* Try it: Below this task are records; return each one exactly and omit its images.

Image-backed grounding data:
╭──

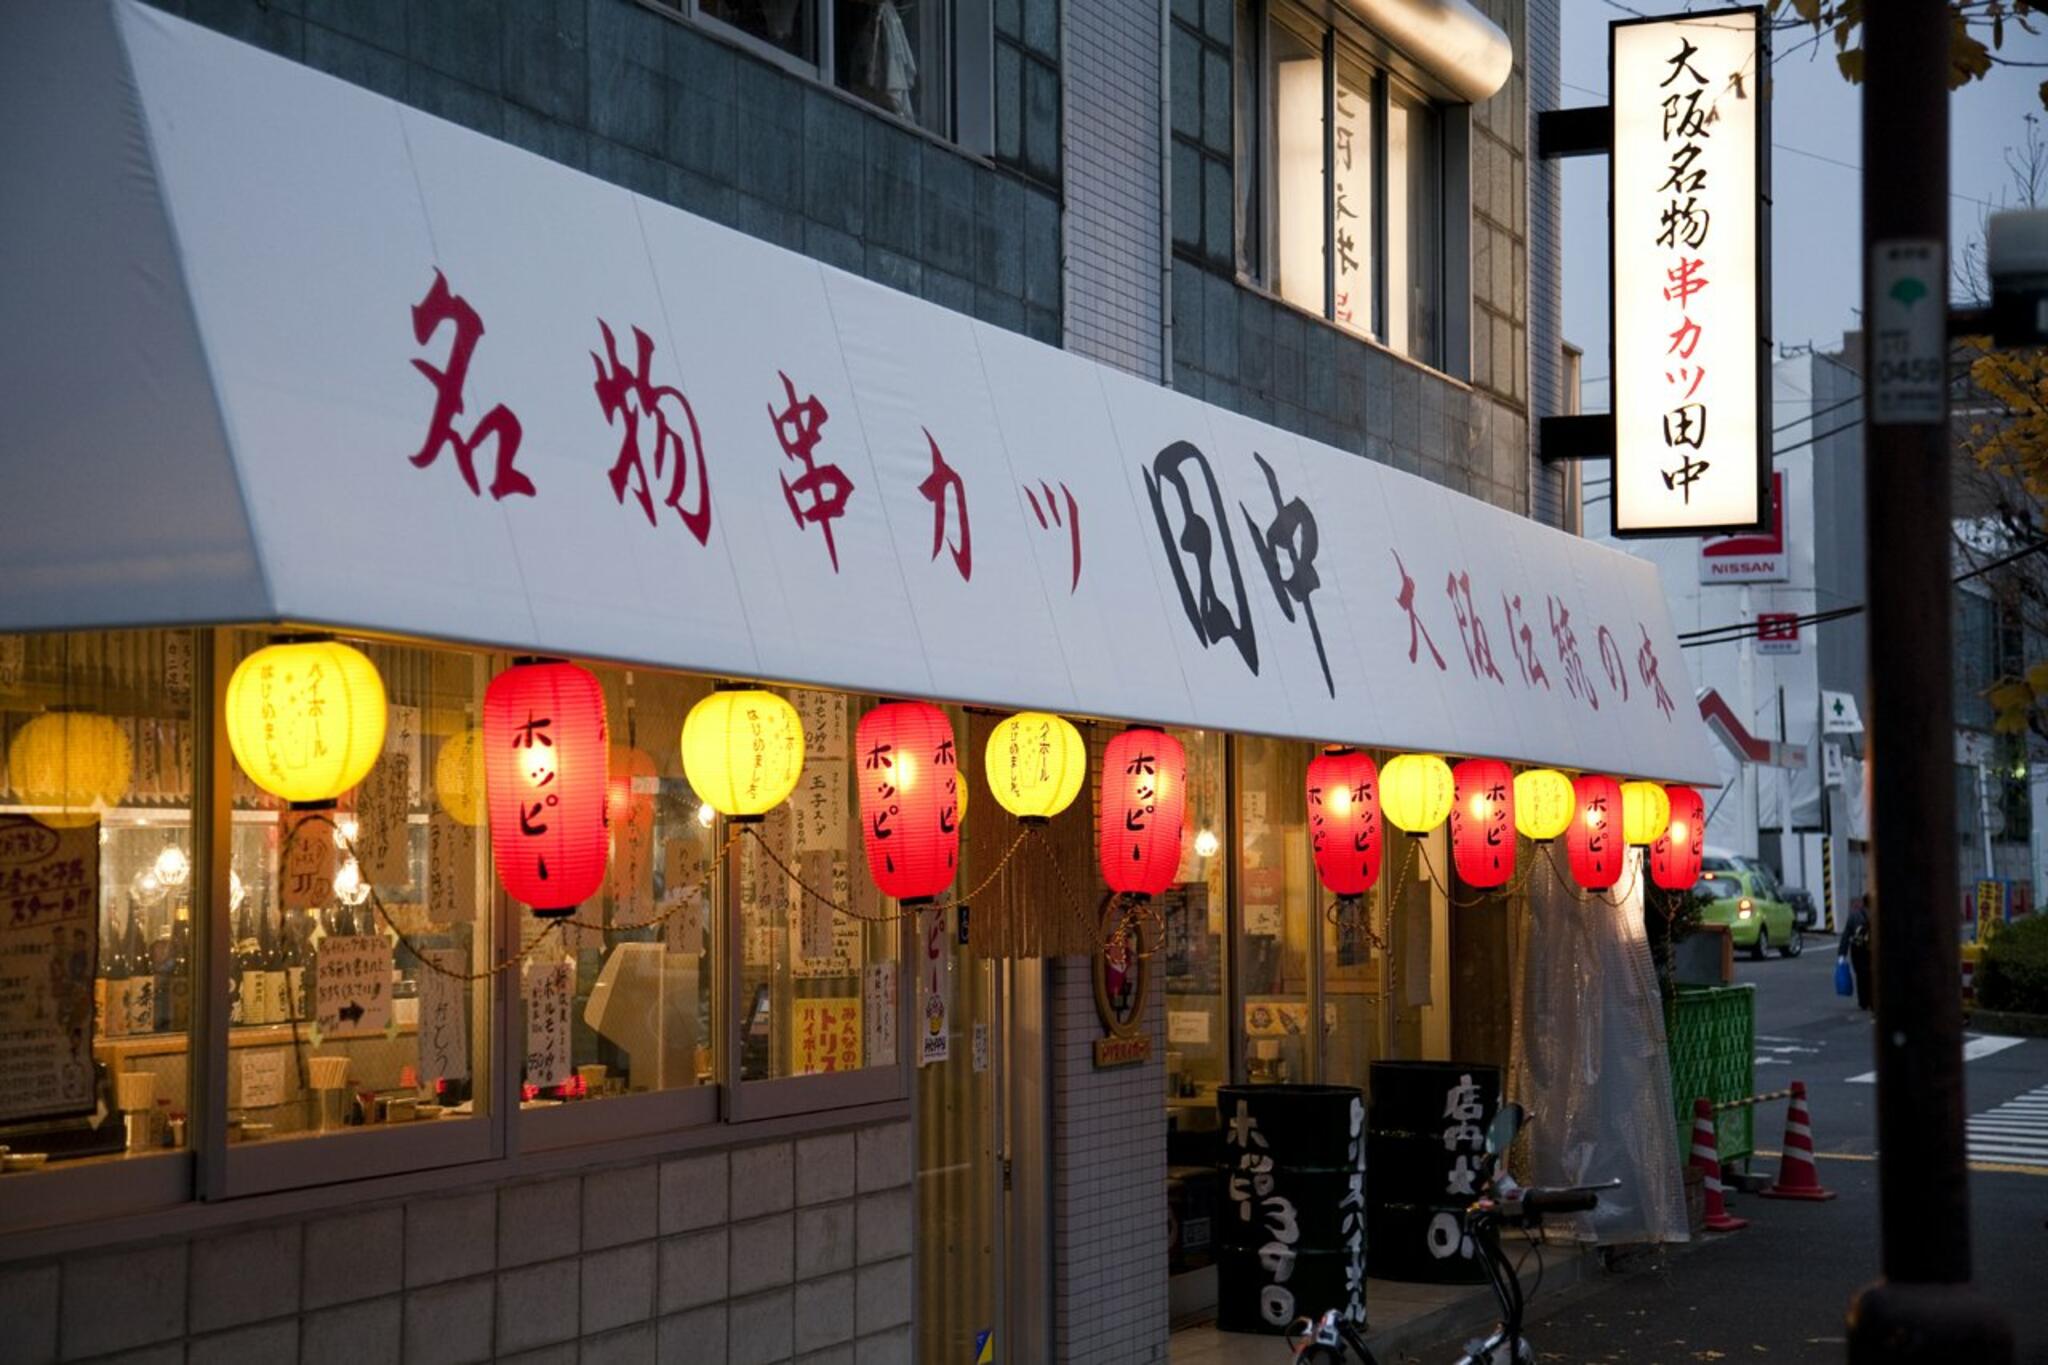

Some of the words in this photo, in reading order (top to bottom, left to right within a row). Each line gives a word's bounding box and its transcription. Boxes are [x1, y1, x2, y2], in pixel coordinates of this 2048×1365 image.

[1656, 37, 1710, 504] 大阪名物串カツ田中
[408, 265, 1081, 594] 名物串カツ
[1711, 562, 1775, 575] NISSAN
[512, 708, 559, 880] ホッピー
[866, 739, 898, 874] ホッピー
[1126, 748, 1155, 861] ホッピー
[1351, 780, 1375, 877] ホッピー
[1486, 782, 1507, 869] ホッピー
[1587, 795, 1609, 873] ホッピー
[841, 1007, 857, 1069] みんなの

╰──

* Completed exercise:
Some of the words in this photo, in reading order (top to bottom, left to right within a row). Each line gives a word's bounding box and its transcription. Boxes are [x1, y1, x2, y2], in pixel coordinates of this 2048×1365 image.

[1656, 37, 1710, 504] 大阪名物串カツ田中
[408, 265, 1081, 594] 名物串カツ
[1711, 562, 1775, 575] NISSAN
[512, 708, 559, 880] ホッピー
[866, 739, 898, 874] ホッピー
[1126, 748, 1155, 861] ホッピー
[1351, 780, 1375, 877] ホッピー
[1486, 782, 1507, 869] ホッピー
[1587, 795, 1609, 873] ホッピー
[841, 1007, 857, 1069] みんなの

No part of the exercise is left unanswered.